Your objective: What follows is a block of records; restate each one word for word.
─── Dataset
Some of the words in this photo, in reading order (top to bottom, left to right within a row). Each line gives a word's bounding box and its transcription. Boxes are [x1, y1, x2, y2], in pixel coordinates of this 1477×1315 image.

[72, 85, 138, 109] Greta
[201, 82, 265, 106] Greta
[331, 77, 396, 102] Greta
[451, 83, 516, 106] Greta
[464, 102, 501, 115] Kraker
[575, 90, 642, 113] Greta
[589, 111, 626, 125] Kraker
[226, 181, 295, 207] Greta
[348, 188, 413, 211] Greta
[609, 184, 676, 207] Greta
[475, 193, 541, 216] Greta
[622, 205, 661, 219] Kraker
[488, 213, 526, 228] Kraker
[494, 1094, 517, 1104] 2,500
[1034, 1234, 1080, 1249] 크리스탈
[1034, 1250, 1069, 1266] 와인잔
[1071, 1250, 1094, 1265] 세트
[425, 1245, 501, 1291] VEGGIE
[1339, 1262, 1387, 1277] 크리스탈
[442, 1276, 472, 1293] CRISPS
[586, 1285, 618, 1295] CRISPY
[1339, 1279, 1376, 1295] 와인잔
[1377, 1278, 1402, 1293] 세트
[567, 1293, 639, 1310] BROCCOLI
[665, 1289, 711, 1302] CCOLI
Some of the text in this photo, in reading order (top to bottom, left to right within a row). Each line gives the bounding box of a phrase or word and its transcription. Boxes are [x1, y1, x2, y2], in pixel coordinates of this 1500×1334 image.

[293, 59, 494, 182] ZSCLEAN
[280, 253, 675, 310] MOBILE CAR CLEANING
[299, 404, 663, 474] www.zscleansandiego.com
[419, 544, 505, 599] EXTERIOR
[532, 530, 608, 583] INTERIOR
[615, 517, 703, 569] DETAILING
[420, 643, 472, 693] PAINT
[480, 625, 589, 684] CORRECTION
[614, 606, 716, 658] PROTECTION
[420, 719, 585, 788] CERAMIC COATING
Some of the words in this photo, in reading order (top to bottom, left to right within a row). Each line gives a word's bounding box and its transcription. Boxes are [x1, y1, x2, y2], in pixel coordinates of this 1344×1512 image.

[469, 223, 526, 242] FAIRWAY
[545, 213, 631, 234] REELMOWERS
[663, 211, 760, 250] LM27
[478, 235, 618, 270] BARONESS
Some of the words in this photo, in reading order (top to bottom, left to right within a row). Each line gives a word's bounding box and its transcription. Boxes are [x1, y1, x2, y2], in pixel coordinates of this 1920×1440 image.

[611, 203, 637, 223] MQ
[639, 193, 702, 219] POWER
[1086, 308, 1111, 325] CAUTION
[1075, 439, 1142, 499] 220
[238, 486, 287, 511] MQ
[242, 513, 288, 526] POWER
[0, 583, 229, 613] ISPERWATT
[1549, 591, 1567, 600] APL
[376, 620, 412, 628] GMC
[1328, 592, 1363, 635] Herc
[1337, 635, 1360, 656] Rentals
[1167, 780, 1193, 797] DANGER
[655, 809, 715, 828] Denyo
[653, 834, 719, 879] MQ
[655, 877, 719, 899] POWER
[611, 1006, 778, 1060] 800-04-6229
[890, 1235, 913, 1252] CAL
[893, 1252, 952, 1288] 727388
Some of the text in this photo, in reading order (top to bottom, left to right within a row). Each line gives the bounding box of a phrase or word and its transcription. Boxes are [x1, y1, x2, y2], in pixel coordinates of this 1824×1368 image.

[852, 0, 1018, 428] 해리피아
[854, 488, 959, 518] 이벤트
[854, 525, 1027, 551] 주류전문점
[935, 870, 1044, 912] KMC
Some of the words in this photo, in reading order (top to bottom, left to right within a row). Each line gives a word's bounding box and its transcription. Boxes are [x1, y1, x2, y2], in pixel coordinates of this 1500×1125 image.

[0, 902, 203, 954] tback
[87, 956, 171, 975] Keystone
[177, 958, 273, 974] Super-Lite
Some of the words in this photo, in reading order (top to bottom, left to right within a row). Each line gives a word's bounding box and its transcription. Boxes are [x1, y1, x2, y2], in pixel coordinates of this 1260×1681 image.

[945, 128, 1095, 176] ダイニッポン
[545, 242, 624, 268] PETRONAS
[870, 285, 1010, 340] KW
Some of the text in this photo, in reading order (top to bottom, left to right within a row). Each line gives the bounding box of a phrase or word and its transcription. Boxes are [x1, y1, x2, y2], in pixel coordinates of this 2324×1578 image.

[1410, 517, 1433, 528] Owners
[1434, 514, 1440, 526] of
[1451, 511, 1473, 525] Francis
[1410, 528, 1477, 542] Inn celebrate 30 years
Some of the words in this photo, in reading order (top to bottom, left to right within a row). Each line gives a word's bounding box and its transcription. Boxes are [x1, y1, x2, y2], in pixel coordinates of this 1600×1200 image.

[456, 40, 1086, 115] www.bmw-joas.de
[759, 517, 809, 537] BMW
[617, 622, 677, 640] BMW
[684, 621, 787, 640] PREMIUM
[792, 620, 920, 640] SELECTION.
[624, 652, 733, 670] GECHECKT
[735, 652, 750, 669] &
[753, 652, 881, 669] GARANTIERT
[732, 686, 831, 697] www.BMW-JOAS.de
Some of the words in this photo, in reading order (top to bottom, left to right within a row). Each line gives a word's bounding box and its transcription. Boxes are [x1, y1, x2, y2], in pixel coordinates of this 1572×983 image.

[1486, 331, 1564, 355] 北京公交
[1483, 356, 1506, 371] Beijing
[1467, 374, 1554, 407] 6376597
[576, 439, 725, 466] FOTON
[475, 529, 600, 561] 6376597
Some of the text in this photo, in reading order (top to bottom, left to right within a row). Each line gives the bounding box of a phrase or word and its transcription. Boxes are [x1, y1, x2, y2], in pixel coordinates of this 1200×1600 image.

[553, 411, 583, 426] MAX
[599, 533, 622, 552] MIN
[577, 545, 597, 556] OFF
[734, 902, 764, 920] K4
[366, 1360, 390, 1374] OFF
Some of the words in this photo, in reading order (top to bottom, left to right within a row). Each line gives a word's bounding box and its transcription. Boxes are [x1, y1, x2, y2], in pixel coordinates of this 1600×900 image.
──────
Response for this exercise:
Some of the words in this photo, in reading order (top to bottom, left to right within a row). Each line gives a word's bounding box and its transcription. Boxes are [x1, y1, x2, y2], in pixel coordinates of this 1477×1315 image.

[72, 85, 138, 109] Greta
[201, 82, 265, 106] Greta
[331, 77, 396, 102] Greta
[451, 83, 516, 106] Greta
[464, 102, 501, 115] Kraker
[575, 90, 642, 113] Greta
[589, 111, 626, 125] Kraker
[226, 181, 295, 207] Greta
[348, 188, 413, 211] Greta
[609, 184, 676, 207] Greta
[475, 193, 541, 216] Greta
[622, 205, 661, 219] Kraker
[488, 213, 526, 228] Kraker
[494, 1094, 517, 1104] 2,500
[1034, 1234, 1080, 1249] 크리스탈
[1034, 1250, 1069, 1266] 와인잔
[1071, 1250, 1094, 1265] 세트
[425, 1245, 501, 1291] VEGGIE
[1339, 1262, 1387, 1277] 크리스탈
[442, 1276, 472, 1293] CRISPS
[586, 1285, 618, 1295] CRISPY
[1339, 1279, 1376, 1295] 와인잔
[1377, 1278, 1402, 1293] 세트
[567, 1293, 639, 1310] BROCCOLI
[665, 1289, 711, 1302] CCOLI
Some of the text in this photo, in reading order (top to bottom, left to right within a row). Each line gives the bounding box of a phrase or word and its transcription. Boxes are [x1, y1, x2, y2], in pixel coordinates of this 1500×1334 image.

[293, 59, 494, 182] ZSCLEAN
[280, 253, 675, 310] MOBILE CAR CLEANING
[299, 404, 663, 474] www.zscleansandiego.com
[419, 544, 505, 599] EXTERIOR
[532, 530, 608, 583] INTERIOR
[615, 517, 703, 569] DETAILING
[420, 643, 472, 693] PAINT
[480, 625, 589, 684] CORRECTION
[614, 606, 716, 658] PROTECTION
[420, 719, 585, 788] CERAMIC COATING
Some of the words in this photo, in reading order (top to bottom, left to right within a row). Each line gives a word's bounding box and its transcription. Boxes are [x1, y1, x2, y2], in pixel coordinates of this 1344×1512 image.

[469, 223, 526, 242] FAIRWAY
[545, 213, 631, 234] REELMOWERS
[663, 211, 760, 250] LM27
[478, 235, 618, 270] BARONESS
Some of the words in this photo, in reading order (top to bottom, left to right within a row). Each line gives a word's bounding box and its transcription. Boxes are [x1, y1, x2, y2], in pixel coordinates of this 1920×1440 image.

[611, 203, 637, 223] MQ
[639, 193, 702, 219] POWER
[1086, 308, 1111, 325] CAUTION
[1075, 439, 1142, 499] 220
[238, 486, 287, 511] MQ
[242, 513, 288, 526] POWER
[0, 583, 229, 613] ISPERWATT
[1549, 591, 1567, 600] APL
[376, 620, 412, 628] GMC
[1328, 592, 1363, 635] Herc
[1337, 635, 1360, 656] Rentals
[1167, 780, 1193, 797] DANGER
[655, 809, 715, 828] Denyo
[653, 834, 719, 879] MQ
[655, 877, 719, 899] POWER
[611, 1006, 778, 1060] 800-04-6229
[890, 1235, 913, 1252] CAL
[893, 1252, 952, 1288] 727388
Some of the text in this photo, in reading order (top to bottom, left to right within a row). Each line gives the bounding box of a phrase or word and its transcription. Boxes are [x1, y1, x2, y2], in pixel coordinates of this 1824×1368 image.

[852, 0, 1018, 428] 해리피아
[854, 488, 959, 518] 이벤트
[854, 525, 1027, 551] 주류전문점
[935, 870, 1044, 912] KMC
Some of the words in this photo, in reading order (top to bottom, left to right within a row). Each line gives a word's bounding box and its transcription. Boxes are [x1, y1, x2, y2], in pixel coordinates of this 1500×1125 image.

[0, 902, 203, 954] tback
[87, 956, 171, 975] Keystone
[177, 958, 273, 974] Super-Lite
Some of the words in this photo, in reading order (top to bottom, left to right within a row). Each line gives a word's bounding box and its transcription. Boxes are [x1, y1, x2, y2], in pixel coordinates of this 1260×1681 image.

[945, 128, 1095, 176] ダイニッポン
[545, 242, 624, 268] PETRONAS
[870, 285, 1010, 340] KW
Some of the text in this photo, in reading order (top to bottom, left to right within a row). Each line gives the bounding box of a phrase or word and its transcription. Boxes are [x1, y1, x2, y2], in pixel coordinates of this 2324×1578 image.

[1410, 517, 1433, 528] Owners
[1434, 514, 1440, 526] of
[1451, 511, 1473, 525] Francis
[1410, 528, 1477, 542] Inn celebrate 30 years
Some of the words in this photo, in reading order (top to bottom, left to right within a row). Each line gives a word's bounding box and its transcription. Boxes are [x1, y1, x2, y2], in pixel coordinates of this 1600×1200 image.

[456, 40, 1086, 115] www.bmw-joas.de
[759, 517, 809, 537] BMW
[617, 622, 677, 640] BMW
[684, 621, 787, 640] PREMIUM
[792, 620, 920, 640] SELECTION.
[624, 652, 733, 670] GECHECKT
[735, 652, 750, 669] &
[753, 652, 881, 669] GARANTIERT
[732, 686, 831, 697] www.BMW-JOAS.de
Some of the words in this photo, in reading order (top to bottom, left to right within a row). Each line gives a word's bounding box and its transcription. Boxes are [x1, y1, x2, y2], in pixel coordinates of this 1572×983 image.

[1486, 331, 1564, 355] 北京公交
[1483, 356, 1506, 371] Beijing
[1467, 374, 1554, 407] 6376597
[576, 439, 725, 466] FOTON
[475, 529, 600, 561] 6376597
Some of the text in this photo, in reading order (top to bottom, left to right within a row). Each line gives the bounding box of a phrase or word and its transcription. Boxes are [x1, y1, x2, y2], in pixel coordinates of this 1200×1600 image.

[553, 411, 583, 426] MAX
[599, 533, 622, 552] MIN
[577, 545, 597, 556] OFF
[734, 902, 764, 920] K4
[366, 1360, 390, 1374] OFF
Some of the words in this photo, in reading order (top to bottom, left to right within a row). Each line gives a word's bounding box and its transcription. Boxes are [x1, y1, x2, y2], in pixel coordinates of this 1600×900 image.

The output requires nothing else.